In bi-variate logistic regression three variables i.e. level of education, work experience, and knowledge of BSE have association with breast self examination, while in multiple logistic regression, level of education, attitude towards BSE, and knowledge of BSE were independent predictors of breast self examination practice (Table 2).

Table 2 Multiple logistic regression analysis results for the association between the practice of breast self-examination and independent variables among female healthcare workers, West Shoa Zone Hospitals, Oromia region, Western Ethiopia, 2019


In this study, the prevalence of the correct and regular practice of breast self-examination was low (32.6%). This finding is comparable with study conducted among midwifes and Nurses in Turkey and lower than finding from Eritrea (60.6%) [15, 16]. But its higher than the finding in the study conducted in West Gojjam, of Amhara region (14.4%) and finding from Egypt among nurses (18.8%) [13, 17]. The differences could be due to the difference in the study period and study area.

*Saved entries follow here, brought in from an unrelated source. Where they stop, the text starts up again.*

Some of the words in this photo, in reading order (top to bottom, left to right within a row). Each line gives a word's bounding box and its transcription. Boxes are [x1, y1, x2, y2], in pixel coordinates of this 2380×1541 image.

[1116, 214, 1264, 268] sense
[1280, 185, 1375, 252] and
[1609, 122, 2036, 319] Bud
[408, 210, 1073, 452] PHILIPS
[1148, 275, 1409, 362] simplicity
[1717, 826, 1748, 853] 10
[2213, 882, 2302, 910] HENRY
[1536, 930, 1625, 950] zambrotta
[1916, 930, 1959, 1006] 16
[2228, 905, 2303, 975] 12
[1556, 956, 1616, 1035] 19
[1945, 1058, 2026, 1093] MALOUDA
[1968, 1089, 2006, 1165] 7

This study indicated, as the educational level of the females’ increase, the likely hood of BSE practices also increase. Compared to those females’ in diploma level, degree holders were 12 times more likely to practice BSE correctly and regularly. This finding is consistent with a study conducted in Western Ethiopia Female health care workers who don’t teach BSE to their clients during routine clinical activities were more than 50% less likely to practice breast self-examination 0.42 (AOR = 0.42, 95% CI 0.23, 0.75) (P-value 0.004) compared their counterparts.

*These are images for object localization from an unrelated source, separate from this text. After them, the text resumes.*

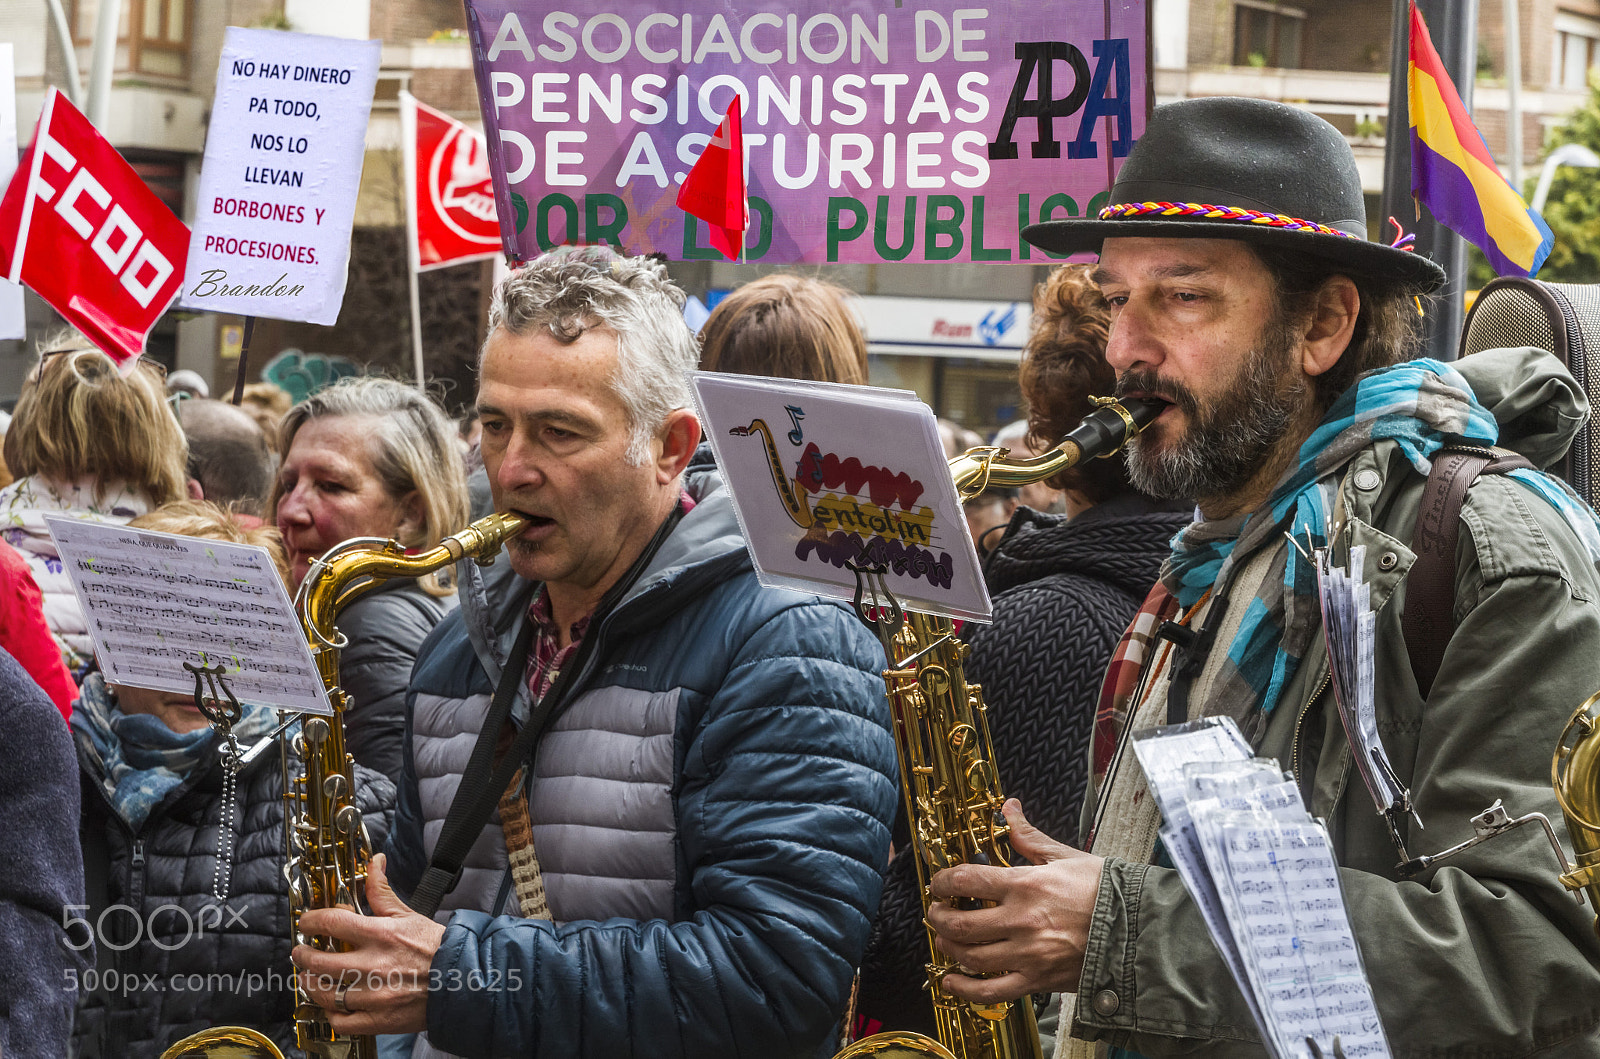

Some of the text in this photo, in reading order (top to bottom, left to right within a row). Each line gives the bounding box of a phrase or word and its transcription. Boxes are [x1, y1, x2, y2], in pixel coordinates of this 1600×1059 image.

[487, 8, 990, 64] ASOCIACION DE
[232, 60, 351, 85] NO HAY DINERO
[249, 97, 321, 121] PA TODO,
[490, 71, 990, 126] PENSIONISTAS
[251, 133, 308, 154] NOS LO
[499, 128, 588, 187] DE
[244, 166, 303, 188] LLEVAN
[213, 197, 326, 226] BORBONES Y
[826, 190, 1110, 262] PUBLIC
[204, 235, 319, 265] PROCESIONES.
[813, 502, 927, 542] entolin

This study also showed that there is a significant association between participants’ level of knowledge about breast cancer and BSE practice. The commonest reasons reported why the females were practicing BSE were: for early detection and seeking treatment and fear of developing breast cancer in the future.

Though they had sufficient knowledge and awareness about BSE, about 27% of the females didn’t practice it because of negligence. This finding is similar with finding from Asmara which was conducted among nurses [16].

In conclusion, the finding of the study indicated that BSE practice was low and it was associated with different factors. There was also a gap in knowledge and awareness among the female health care professionals towards BSE, and even those who had sufficient knowledge were not practicing BSE because of negligence.

Short term training on breast cancer and breast self-examination should be better organized by the hospital administrator.

Limitation of the study

The self-reported information is subjected to bias specifically to social desirability bias. There was no internationally recognized standardized tool to assess BSE. Besides, since the majority of the existing works of literature were conducted among no health care females, this results in a variation of measurements which limit us comparing the findings of this study with other studies. Also, we didn’t include a qualitative aspect in this study which could have strengthened the finding of a quantitative one.